Problem details: Whenever a line below includes the word "AMAR", copy that line.

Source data
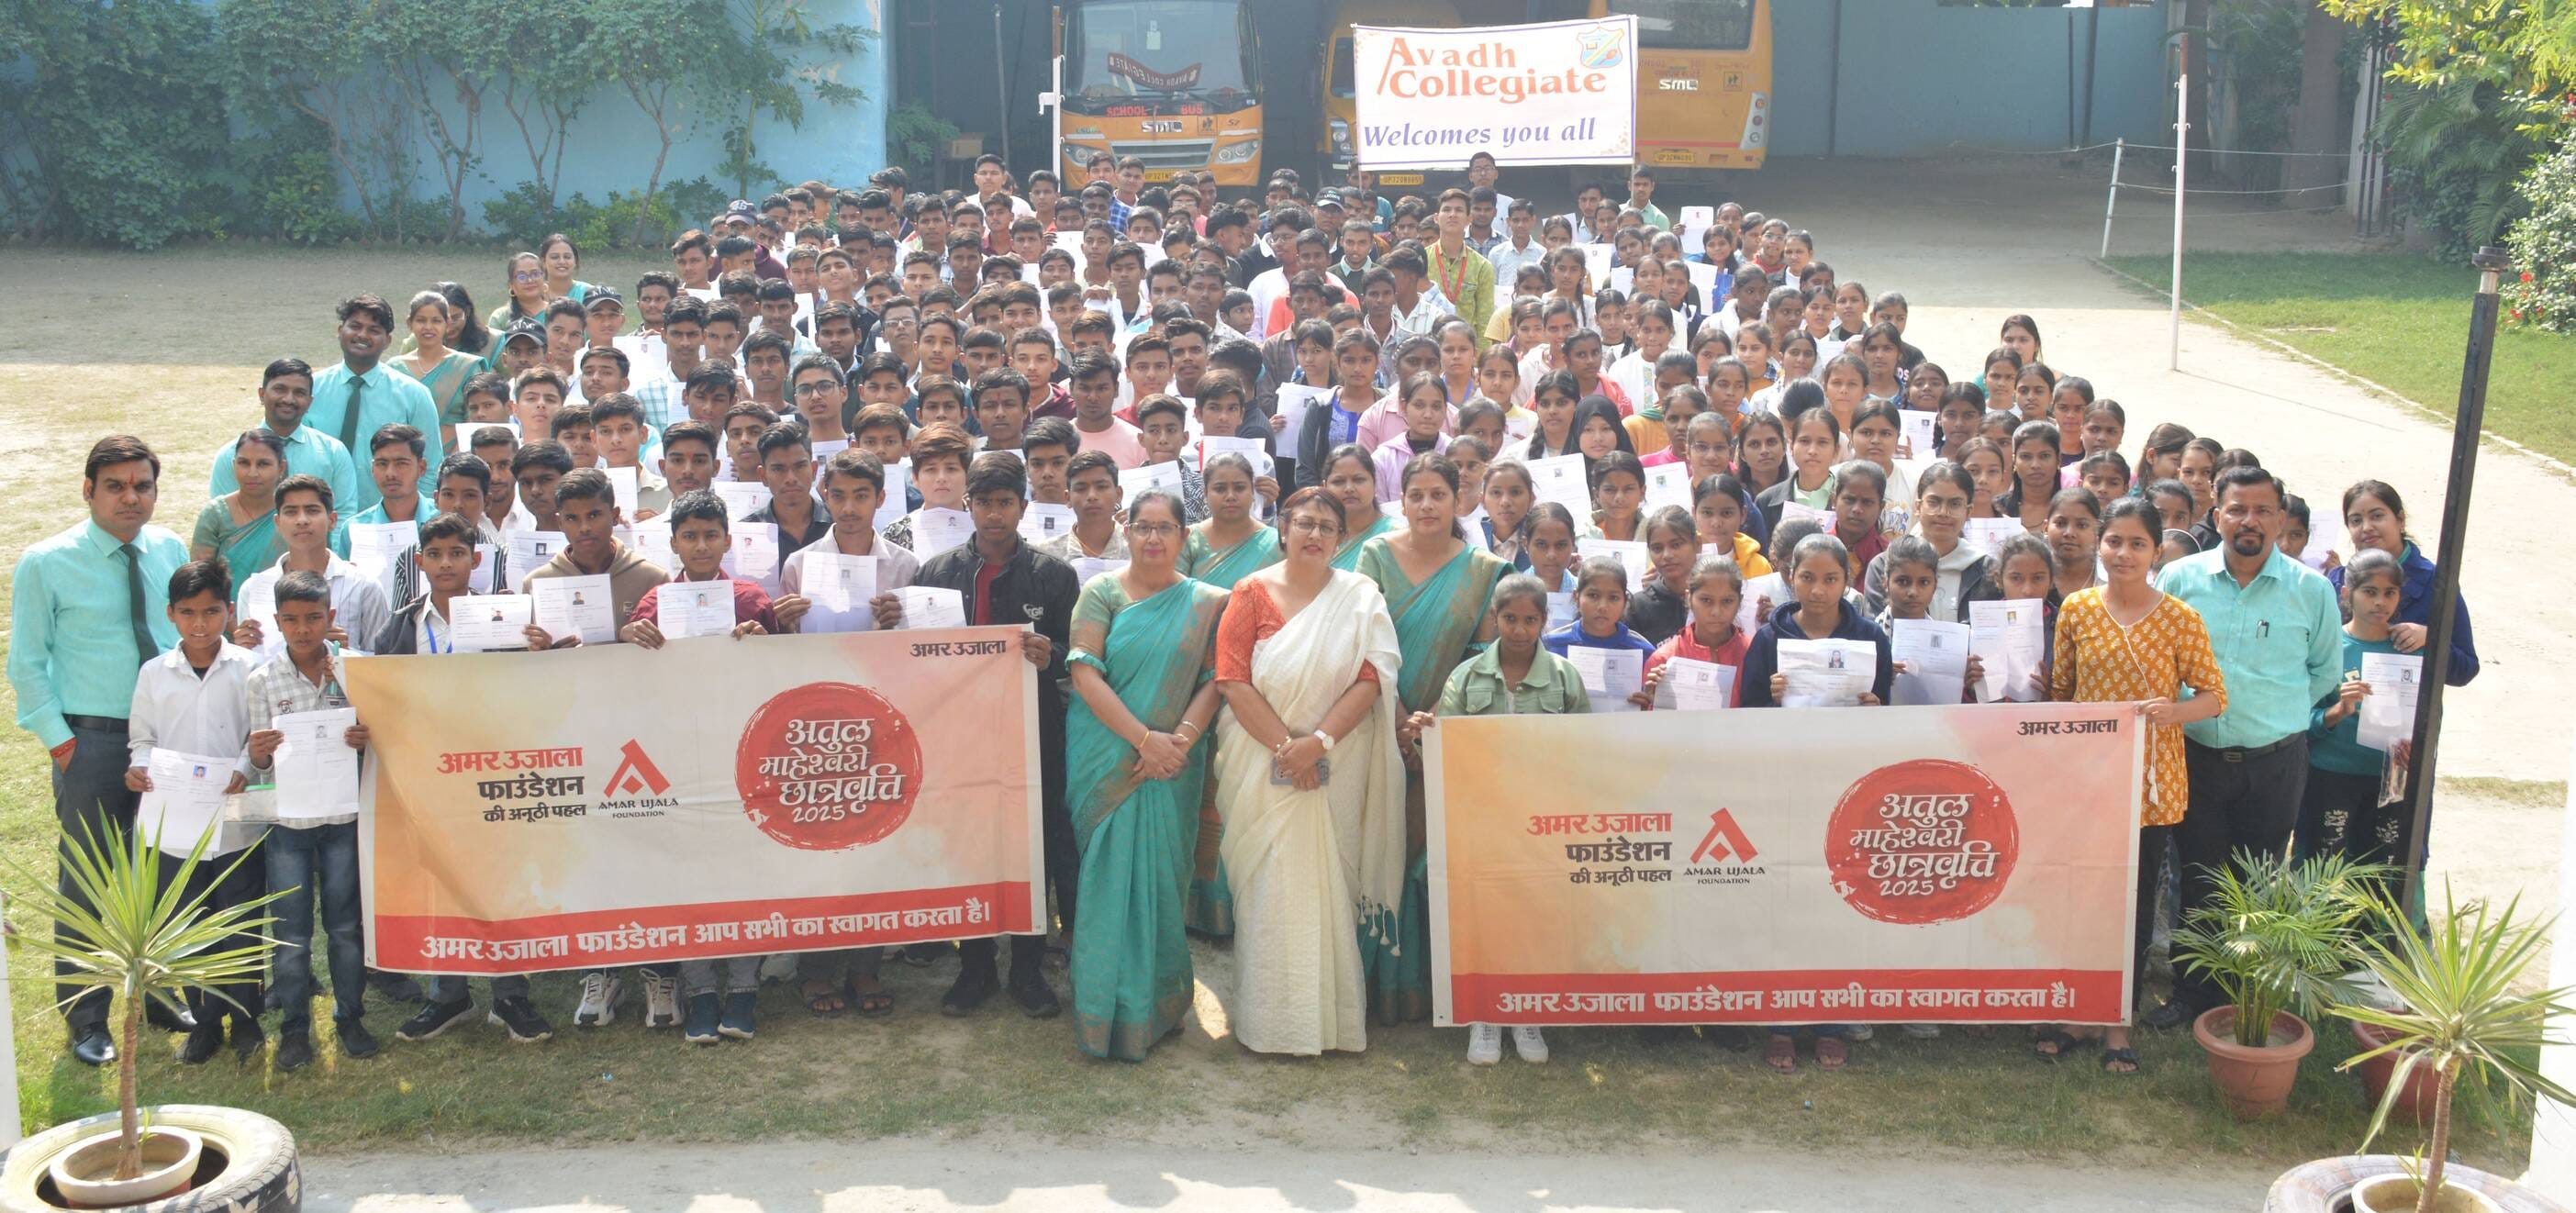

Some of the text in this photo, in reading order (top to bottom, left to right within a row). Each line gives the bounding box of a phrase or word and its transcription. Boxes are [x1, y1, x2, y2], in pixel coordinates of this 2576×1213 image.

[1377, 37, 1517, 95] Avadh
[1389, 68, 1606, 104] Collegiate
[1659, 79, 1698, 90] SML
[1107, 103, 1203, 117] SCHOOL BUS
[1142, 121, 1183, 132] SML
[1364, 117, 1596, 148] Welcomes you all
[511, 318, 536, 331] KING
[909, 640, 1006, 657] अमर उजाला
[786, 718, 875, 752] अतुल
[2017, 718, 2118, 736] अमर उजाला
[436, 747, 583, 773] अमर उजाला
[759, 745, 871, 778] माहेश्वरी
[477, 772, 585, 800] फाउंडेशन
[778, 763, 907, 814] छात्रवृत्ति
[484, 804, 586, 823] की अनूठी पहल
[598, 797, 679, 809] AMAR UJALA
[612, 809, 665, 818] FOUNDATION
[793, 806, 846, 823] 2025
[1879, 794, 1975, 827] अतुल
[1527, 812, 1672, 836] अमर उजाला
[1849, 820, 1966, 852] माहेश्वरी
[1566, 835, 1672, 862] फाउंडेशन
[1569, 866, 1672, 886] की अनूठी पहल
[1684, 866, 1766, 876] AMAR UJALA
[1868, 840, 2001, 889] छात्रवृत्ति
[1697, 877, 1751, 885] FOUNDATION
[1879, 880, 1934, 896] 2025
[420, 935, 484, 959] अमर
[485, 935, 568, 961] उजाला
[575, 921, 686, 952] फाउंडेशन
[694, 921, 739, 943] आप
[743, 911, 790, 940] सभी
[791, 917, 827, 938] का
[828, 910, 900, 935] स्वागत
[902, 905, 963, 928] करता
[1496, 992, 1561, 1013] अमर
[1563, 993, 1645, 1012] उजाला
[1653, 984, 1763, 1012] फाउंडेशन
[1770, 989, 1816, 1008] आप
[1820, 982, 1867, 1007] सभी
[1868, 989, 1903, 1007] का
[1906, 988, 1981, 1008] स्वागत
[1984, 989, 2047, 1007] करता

Worked solution:
[598, 797, 679, 809] AMAR UJALA
[1684, 866, 1766, 876] AMAR UJALA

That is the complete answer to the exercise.